+++ Data provided +++

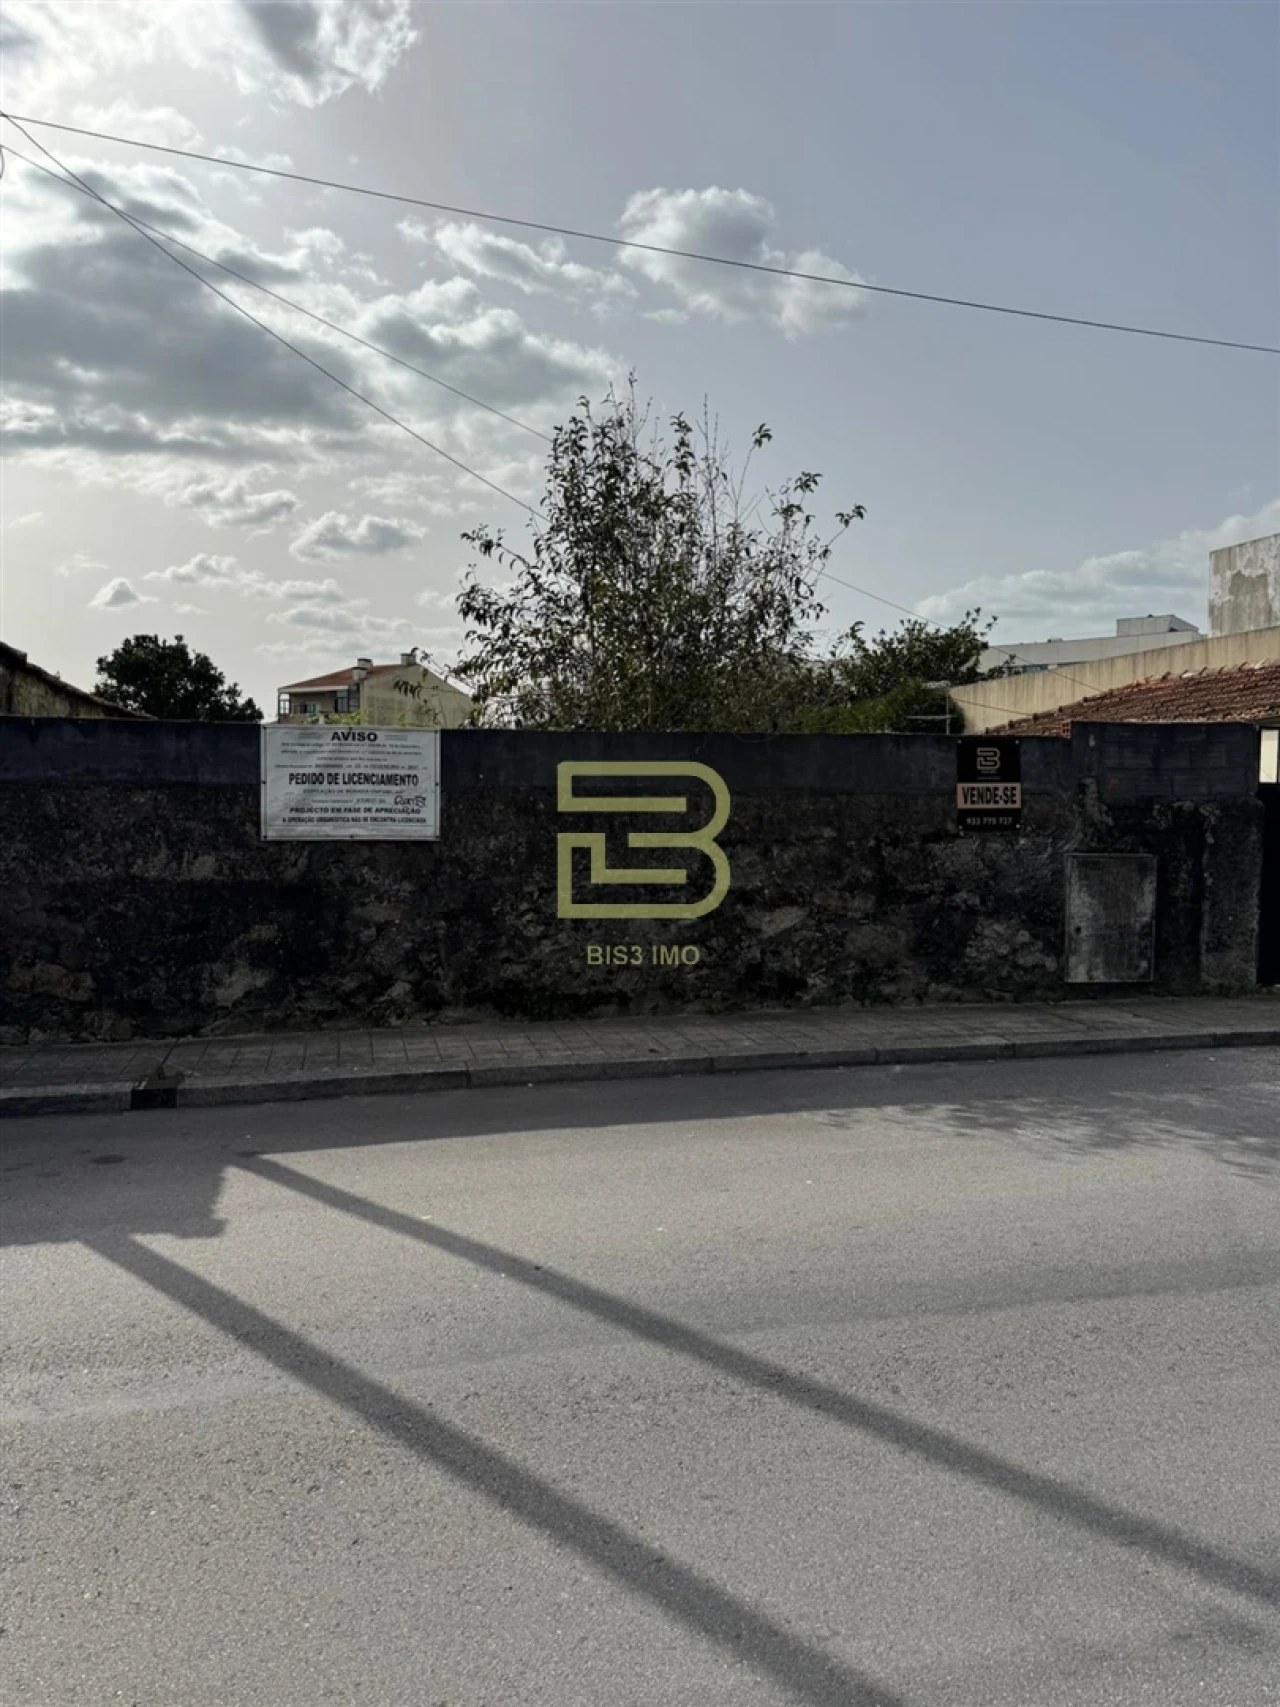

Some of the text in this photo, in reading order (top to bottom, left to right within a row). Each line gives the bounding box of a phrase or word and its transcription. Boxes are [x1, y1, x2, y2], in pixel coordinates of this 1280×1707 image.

[331, 731, 378, 742] AVISO
[288, 772, 420, 787] PEDIDO DE LICENCIAMENTO
[961, 786, 1017, 805] VENDE-SE
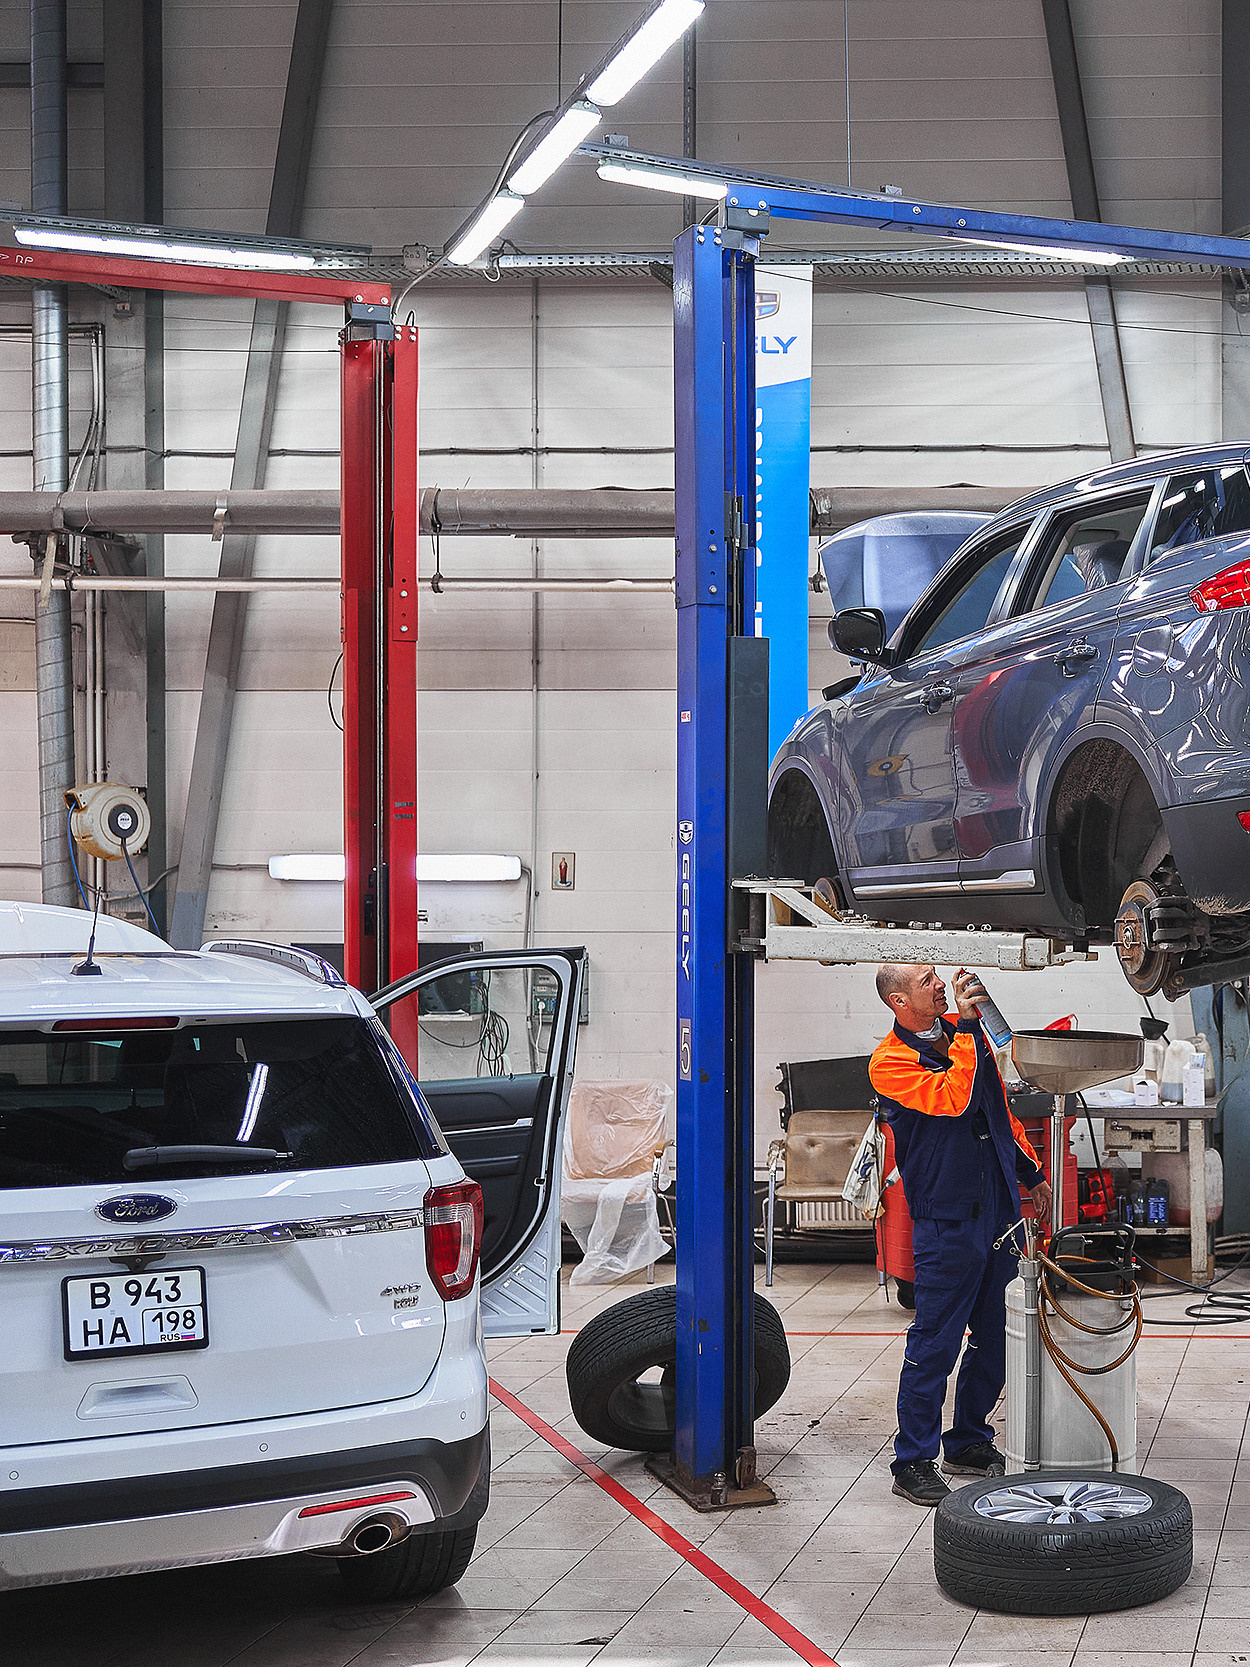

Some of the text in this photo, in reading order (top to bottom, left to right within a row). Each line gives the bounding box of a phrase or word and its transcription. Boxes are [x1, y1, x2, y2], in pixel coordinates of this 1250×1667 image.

[682, 853, 690, 981] GEELY
[680, 1026, 691, 1075] 5
[113, 1197, 161, 1218] Ford
[123, 1275, 182, 1307] 943
[151, 1309, 196, 1333] 198
[160, 1332, 181, 1342] RUS

+++

> [Activity]: Exactly the lines from the one with "this 1250×1667 image." through the final line of the entries are to be returned, both ends included.

> [Expected answer]:
Some of the text in this photo, in reading order (top to bottom, left to right within a row). Each line gives the bounding box of a phrase or word and its transcription. Boxes are [x1, y1, x2, y2], in pixel coordinates of this 1250×1667 image.

[682, 853, 690, 981] GEELY
[680, 1026, 691, 1075] 5
[113, 1197, 161, 1218] Ford
[123, 1275, 182, 1307] 943
[151, 1309, 196, 1333] 198
[160, 1332, 181, 1342] RUS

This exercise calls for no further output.